Psikososyal gelişim
PSİKOSOSYAL GELİŞİM
Psiko-sosyal gelişim, bireyin duygusal ve toplumsal özelliklerinin altyapısını oluşturan gelişim alanıdır. Doğumdan itibaren hisleriyle kendini söz eden bebekler, vakit geçtikçe hislerini toplumsal bağlamlara uyumlu biçimde kullanmayı öğrenirler.
Birinci zamanlardaki ağız kenarına dokunulduğunda gülme üzere refleksif reaksiyonlar hislerin temelini oluşturur. Doğum sonrası ağlayarak reaksiyon veren bebek üçüncü aydan itibaren toplumsal bağlamda güler, daha sonra kızgınlık, şaşırma, keder (3- 4aylar), kaygı (5-7aylar), utangaçlık (6-8aylar) ve suçluluk (2yaş) üzere duygusal sözleri yüzüyle aşikâr eder.

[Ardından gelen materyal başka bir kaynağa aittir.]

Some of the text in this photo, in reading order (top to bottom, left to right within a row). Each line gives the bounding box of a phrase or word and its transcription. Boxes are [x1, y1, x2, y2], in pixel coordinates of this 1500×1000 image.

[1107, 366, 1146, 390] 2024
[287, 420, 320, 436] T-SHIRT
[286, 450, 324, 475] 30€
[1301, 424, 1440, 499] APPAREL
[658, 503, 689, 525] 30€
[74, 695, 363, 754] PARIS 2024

Psiko-sosyal gelişim; kişilik gelişimi, ahlak gelişimi ve sosyal-duygusal gelişim olmak üzere üç başlık altında incelenebilir:
Kişilik gelişimi; Kişilik, bireyi başkalarından ayıran duygulanma, düşünme ve hareket stillerinin tümü olarak söz edilebilir. Sevinçli olmak, sebatkâr olmak, sevecenlik, kırılganlık vb. pek çok özellikten oluşan kişiliğin özünde, genetik olarak kuşaktan nesile aktarılan mizaç vardır.

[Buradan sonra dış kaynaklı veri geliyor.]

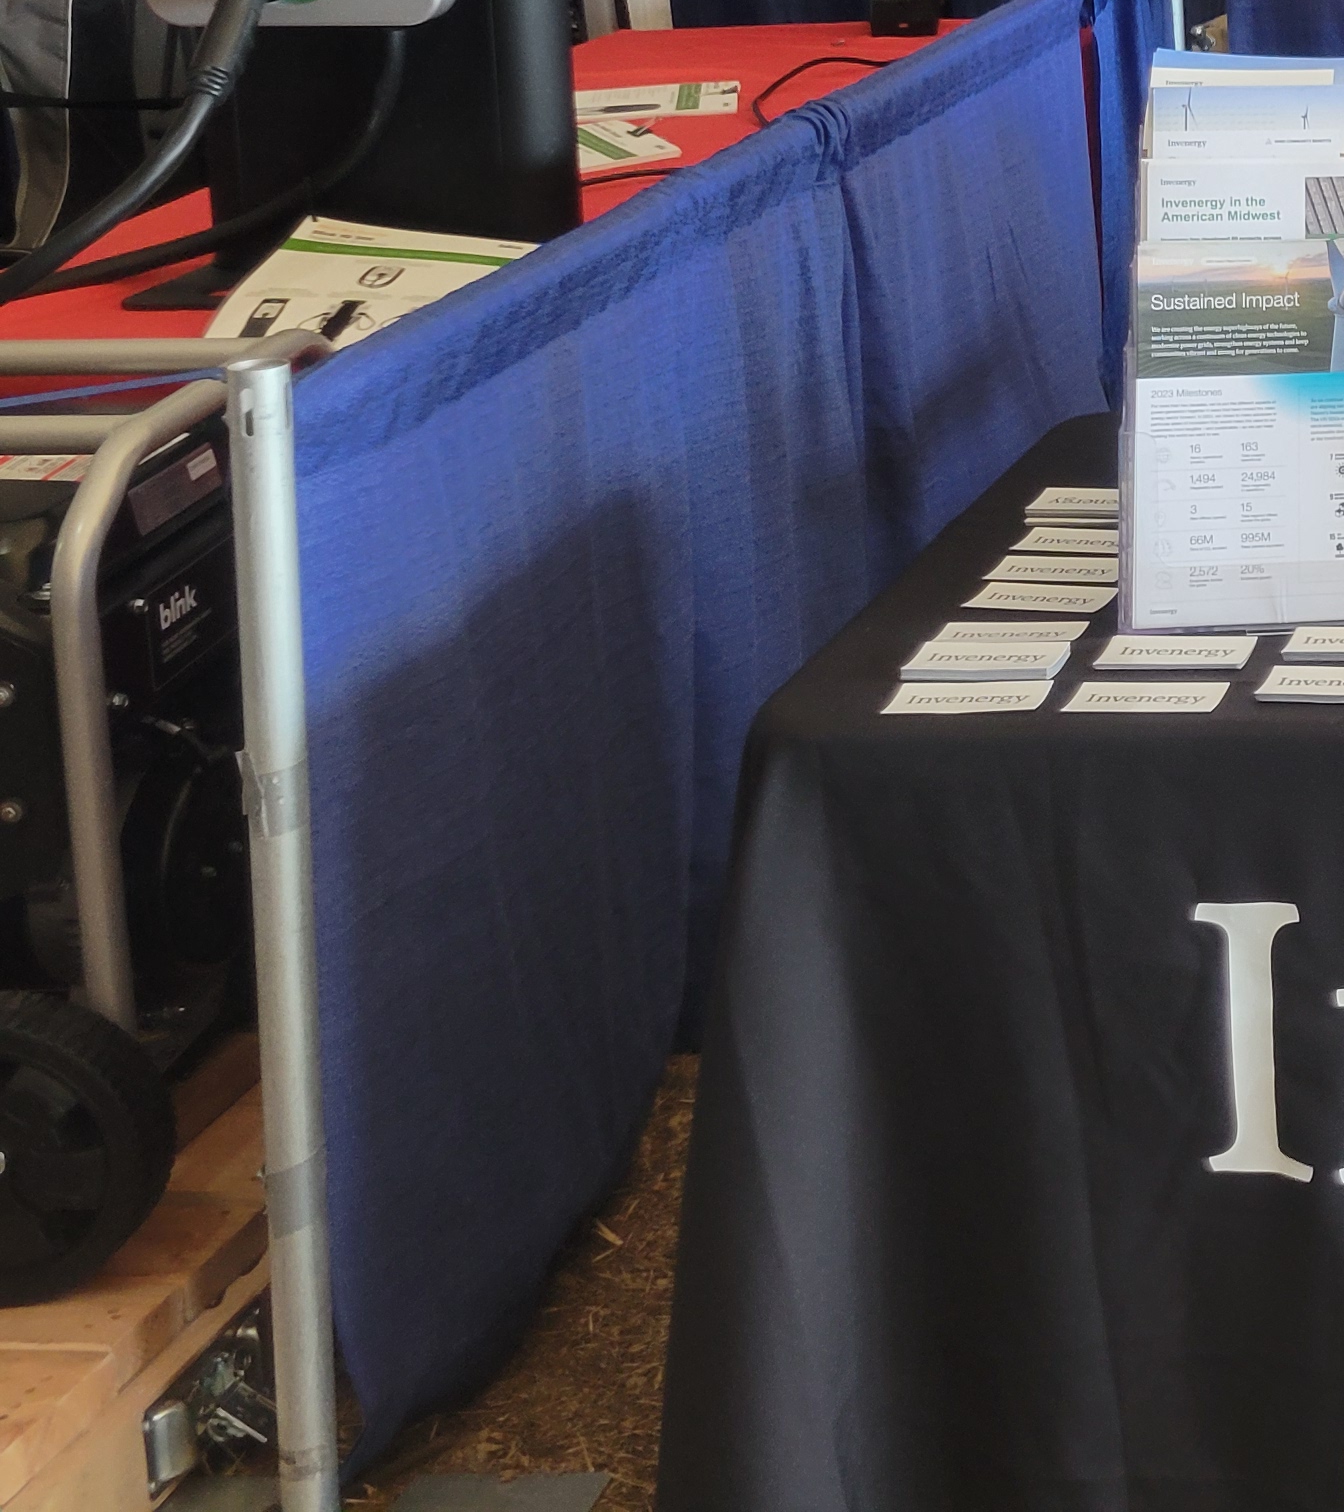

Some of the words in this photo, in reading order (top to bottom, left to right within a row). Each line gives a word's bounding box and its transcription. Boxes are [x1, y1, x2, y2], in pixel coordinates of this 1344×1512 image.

Erikson, kişilik gelişimiyle ilgili kuramında anne-baba yahut çocukla ilgilenen şahıslarla kurulan alakaların değerine dikkat çekmiştir. Birinci yıllar temel inanç duygusu yahut güvensizliğin kazanıldığı yıllardır. Sonraki yıllar (1-3 yaş) özerklik yahut utanç hissinin, girişimcilik yahut suçluluk hissinin edinildiği (3-6 yaş), okul yıllarında muvaffakiyet yahut başarısızlık hissinin yaşandığı (6-12 yaş), ergenlik yılları ise kimlik kazanıldığı yahut rol karmaşası yaşandığı (12-18 yaş) bir devirdir. Çocuklar, aldıkları geribildirimlerle olumlu ya da olumsuz hislere yönlenebilirler. Çeşitli etkinliklere yönlendirilen, övülen, muvaffakiyet için cesaretlendirilen çocuklar, çalışkan ve başarılı olma inançlarını geliştirirler. Böylelikle olumlu bir benlik kavramı geliştirme fırsatı elde etmiş olurlar. Toplumsal duygusal gelişim ; toplumsal gelişim doğumdan yetişkinliğe kadar olan periyotta beşerlerle münasebetlerin ve diğerlerine karşı geliştirilen hislerin tümüdür. Toplumsal ve duygusal gelişim birbirine epey yakın iki gelişim alsnıdır. İnsan olmanın gereği olan hisler toplumsal bağların oluşmasında temel bir rol üstlenirler. Toplumsallaşma çocuk gelişimde en kıymetli gelişim devirlerinden biri denilebilir. Empati , kendini tabir edebilme ,işbirliği, arkadaşlık bağları üzere marifetleri geliştirirler. Çocukluğun birinci yıllarındaki toplumsal gelişim ileriki yıllarda topluma ahenk için gerekli toplumsal davranışların temelini oluşturduğu gözlemlenmiştir. Ahlak gelişimi; çocukların kimi davranışları yanlışsız ve yanlış olarak değerlendirmelerini sağlayan bit devir olarak tanımlanabilir. Çocuğun yakın etrafındaki bireylere nazaran davranışları öğrendiği gözlemlenmektedir. Freud psikoanalitik kuramında ahlak gelişimini duygusal ve güdüsel bir süreç olarak ele alırken , Piaget, çocukta ahlak gelişiminin somut süreçler devrine geçilen 6 yaşa kadar başlamadığını savunur. Kohlberg’ in ahlak gelişim devri 3 yaştan sonrasını kapsar. Gelenek öncesi düzeyde( 10 yaşa kadar) çocuklar kendi çıkarları doğrultusunda ceza almamak için kurallara uyarlar. Klasik seviyede (11 18 yaş)kendi çıkarlarından çok aile ve akranları tarafından onaylanma eforu gösterirler. Gelenek sonrası seviye ise; kıymetler ve kanunların eleştirildiği bireyin kendine mahsus ahlak prensiplerini oluşturduğu seviyedir. Yaş arttıkça, çocuklar toplumsal gelenek ve ahlaki gereklilikleri açıklayabilir, bunlar ortasında ilişki kurabilirler.